One-liners prove the cure for dead kitten disease

SHIMMER

Traverse Theatre, until August 27

5065 LIFT

The Pleasance, until August 30

DAVID Mamet talks about the ‘Death of my kitten’ speech - that point in a play, usually three-quarters of the way through, when the writer interrupts the action with a pretty monologue. It often begins: "When I was young I had a kitten..."

There are times when Linda McLean’s Shimmer seems to be back-to-back ‘Death of my kitten’ speeches. The play is about six characters reflecting on their past while stuck in a bed and breakfast somewhere near Loch Lomond on a day of torrential rain (gloriously realised on Monica Frawley’s set).

The exchange is simple. Three women seek shelter as they journey to Iona in search of a miracle to cure the youngest of her terminal illness. Finding three men, they ask for little more than a cup of tea. But by letting us hear their inner thoughts, McLean turns a passing encounter into something of substance. Each stranger reminds the other of a lost loved one, their conversation haunted by ghosts of the past and, indeed, the future.

The difficulty with this is that where the audience’s impulse is to move forwards, McLean’s technique is to go backwards. We are overwhelmed with words, stories, images and memories, all beautifully and poetically put, but essentially filling the void where the play’s action would normally be.

With its repetitions and non-naturalistic commentary, it is a bold, witty and adventurous experiment - reminiscent of the structural games played by David Greig and Suspect Culture in shows such as Mainstream and Timeless. McLean shows a dazzling command of structure, the play echoing, reflecting and, shimmering against itself like a recurring dream. And she keeps things anchored with some hilarious one-liners.

As it builds towards its final emotional punch, therefore, Shimmer is a play you can love and be irritated by in equal measure. You applaud her daring while wishing she’d come to the point. In Lynne Parker’s keenly focused production, the end does just about justify the means, like a jigsaw puzzle awaiting a crucial piece.

Sharp performances, as ever, from Una McLean as the Glasgow matriarch claiming second sight, Hilary Lyon as her stoical daughter, and Lesley Hart level-headedly venturing towards death.

I’VE BEEN BANGING on to anyone who’ll listen about the deleterious effect of the Edinburgh Fringe’s one-hour timeslots. All those playwrights shoe-horning their ideas into 60 minutes; all those directors skimping on the set.
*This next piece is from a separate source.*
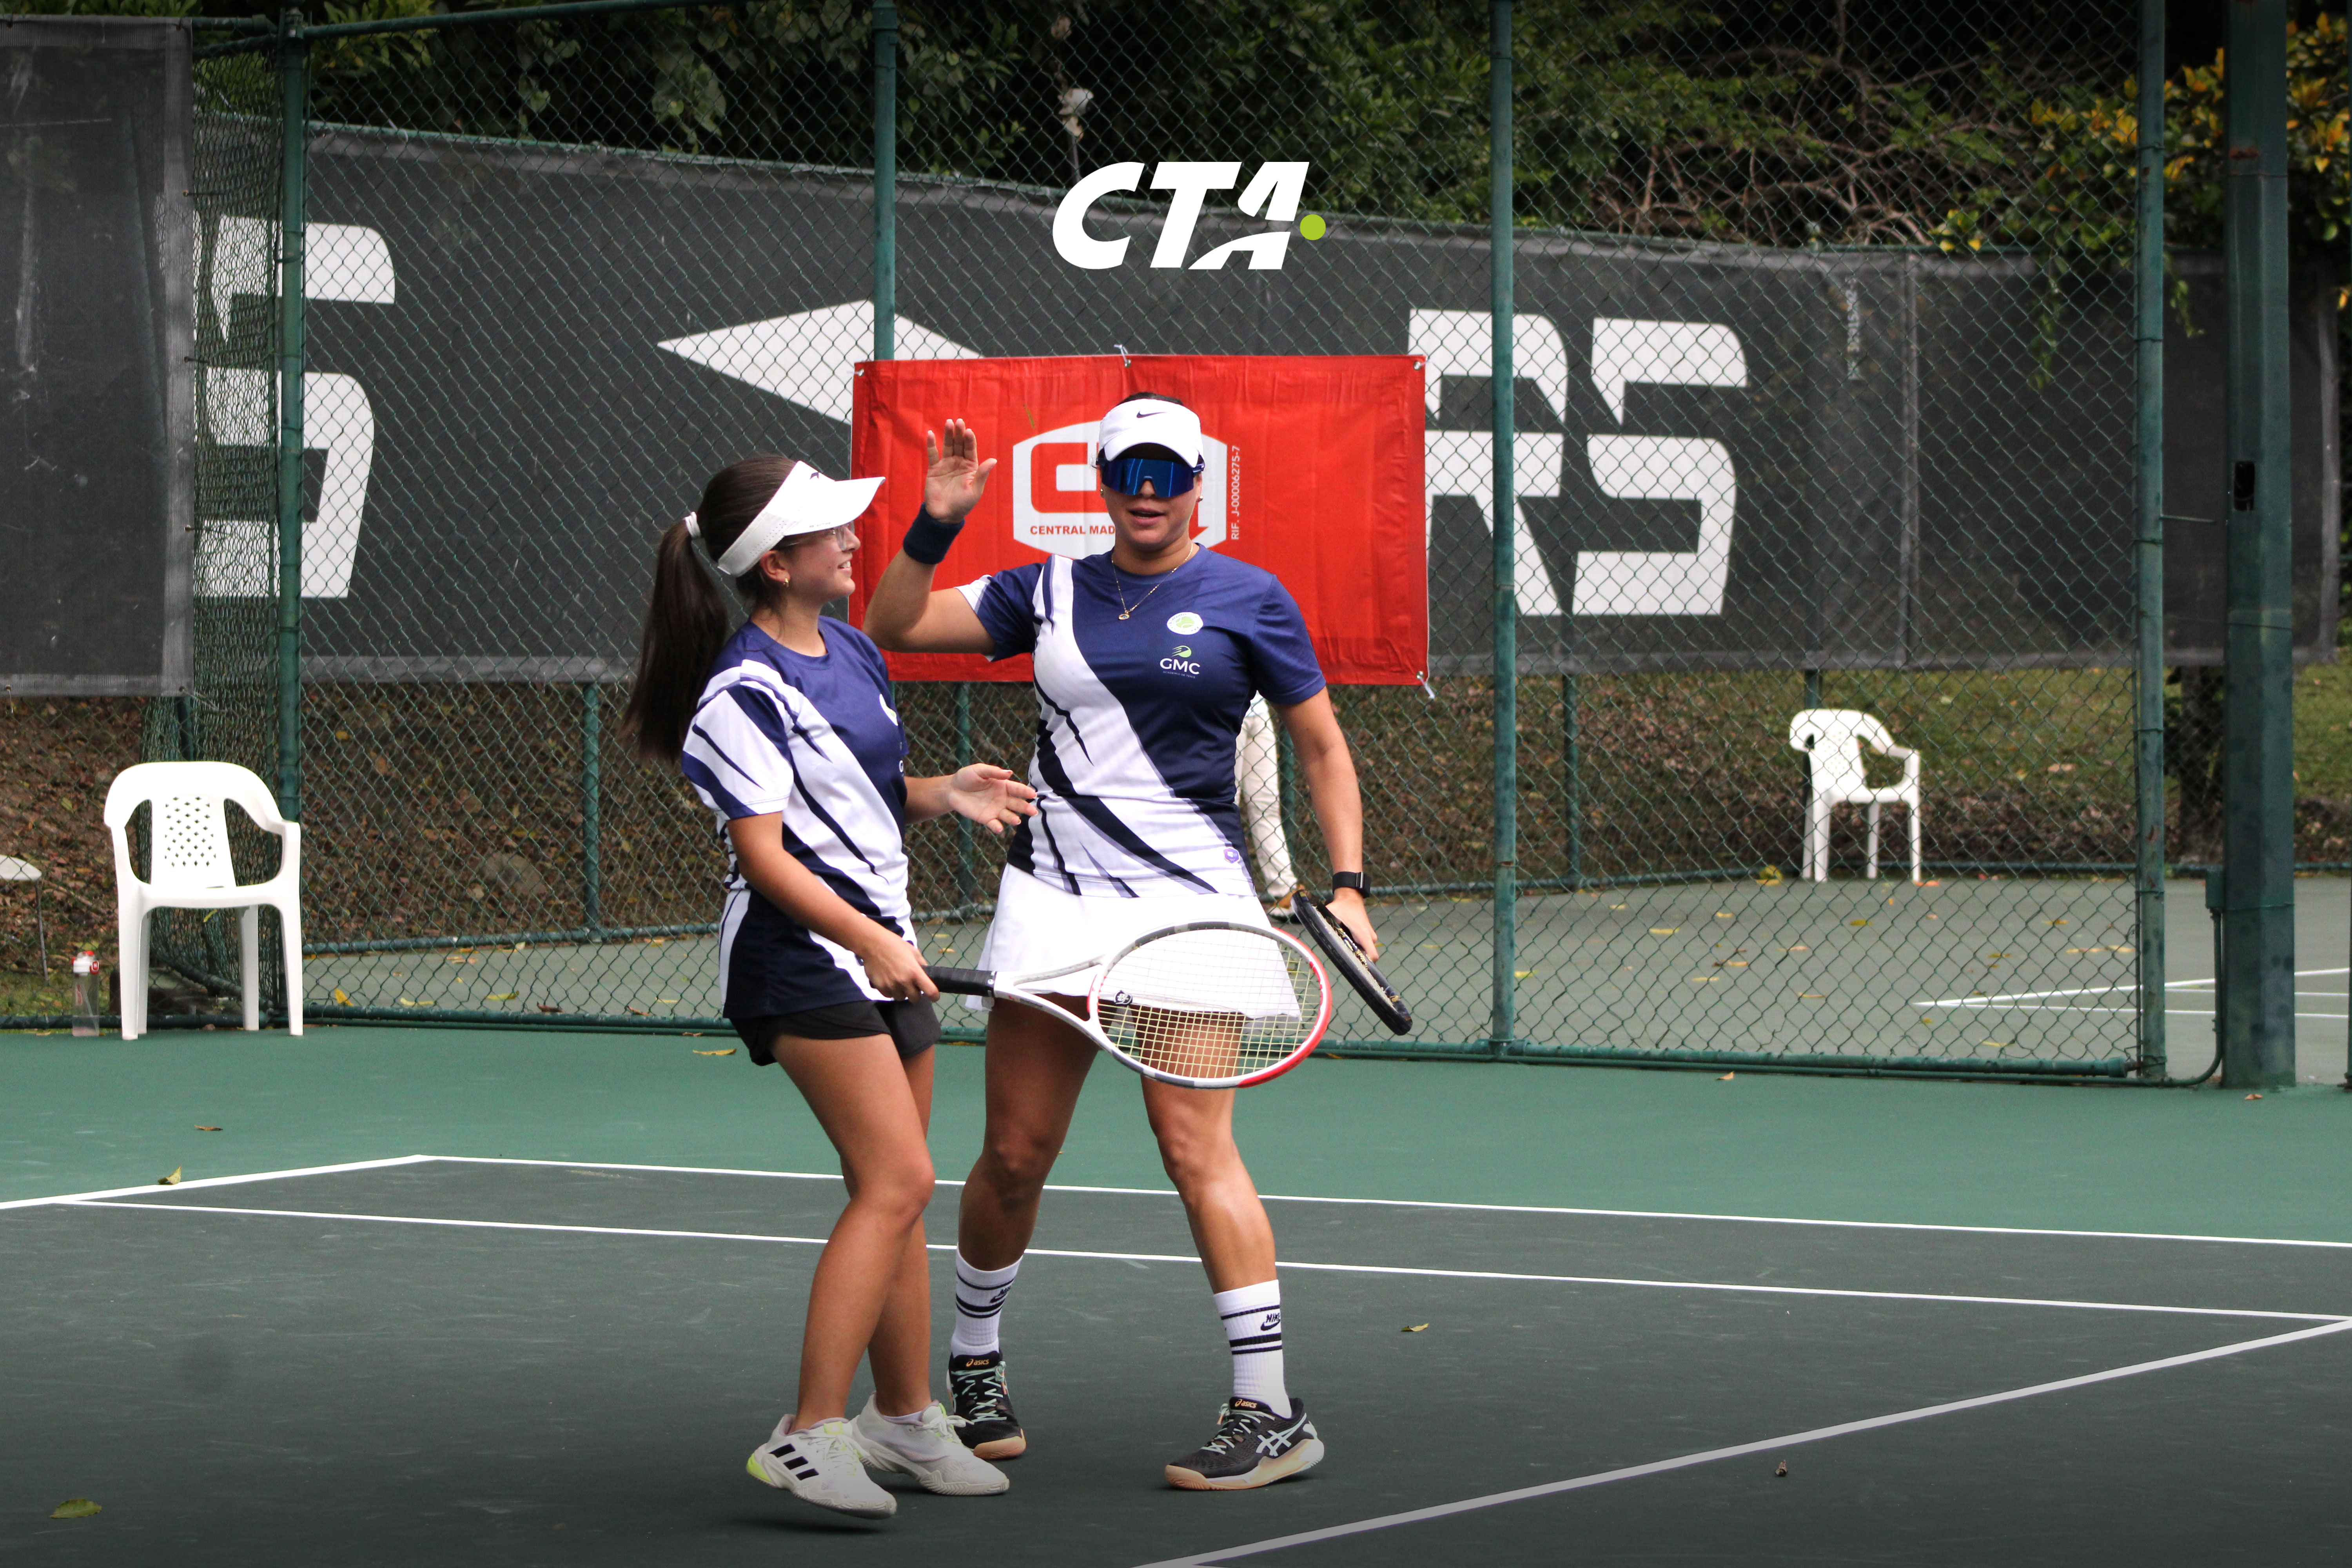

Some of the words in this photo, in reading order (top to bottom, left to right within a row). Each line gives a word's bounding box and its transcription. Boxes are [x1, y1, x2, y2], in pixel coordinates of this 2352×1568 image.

Even worse, these shows then tour the UK, subjecting a more leisurely audience to their half-baked ideas.

But I’m going to eat my words. After spending a day at cafdirect’s 5065 Lift, where no show is longer than 30 minutes, an hour seems an extravagance. And sets? Why bother when you can express everything you want in the confines of a metal box that’s smaller than your average toilet cubicle?

On Wednesday I booked myself into eight shows back-to-back at the Fringe’s most peculiar venue, in a grassy corner of the Pleasance.

What’s immediately apparent is that the very constraints of this space - literally an elevator with two sets of sliding doors - fuel the imagination. And when the audience, which never numbers more than a dozen, is standing shoulder to shoulder with the actors, there is no room for sloppiness or short-cuts. Even the weakest show has a rare and thrilling intimacy.

This is especially true when the standard of acting is so very high. I’ll be happy if I don’t see performances better than those of Sheena Irving and Elicia Daly in Fanny & Faggot for the rest of the Fringe. Better still are the same two actresses, along with Charlotte Palmer, Fiona Paul and Felicity Well, in the utterly superb Patricia Quinn Saved my Life.

It’s not just the nerve of staging a play for five players in such a miniscule space, it’s the hilarious and joyful exuberance of the performances that will keep you smiling for the rest of the week.

Alison Carr’s play is a camp tribute to Patricia Quinn, best known as Magenta in The Rocky Horror Show. Featuring two look-alike fans stuck in a lift, it is silly, frivolous and consummately done in Sam Hoyle’s production.

Jack Thorne’s Fanny & Faggott is an unsettling drama, inspired by the notorious Mary Bell killings of the 1960s, that switches from comedy to horror with alarming speed, and shows how thin the line can be between acceptable and unacceptable behaviour.

For more funny and contemplative drama, try Stephen Keyworth’s Honolulu (actually two plays on alternate days), which tries to reconcile the hatred between Israeli and Palestinian and is thus a valuable companion piece to When the Bulbul Stopped Singing at the Traverse and The Situation Comedy at the Pleasance.

Meanwhile, Charlatan puts a dark spin on the reality TV debate, The Aquatic Ape is a funny take on marital discord and Aliens are Scary is a daft B-movie pastiche. Finally, with its cocoa and cushions, Julie Balloo’s Morpheus Descending is an anthology of subverted bedtime stories and a delightfully funny way to finish your Fringe day. Unless you’re claustrophobic or unsteady on your pins, I can’t recommend it enough.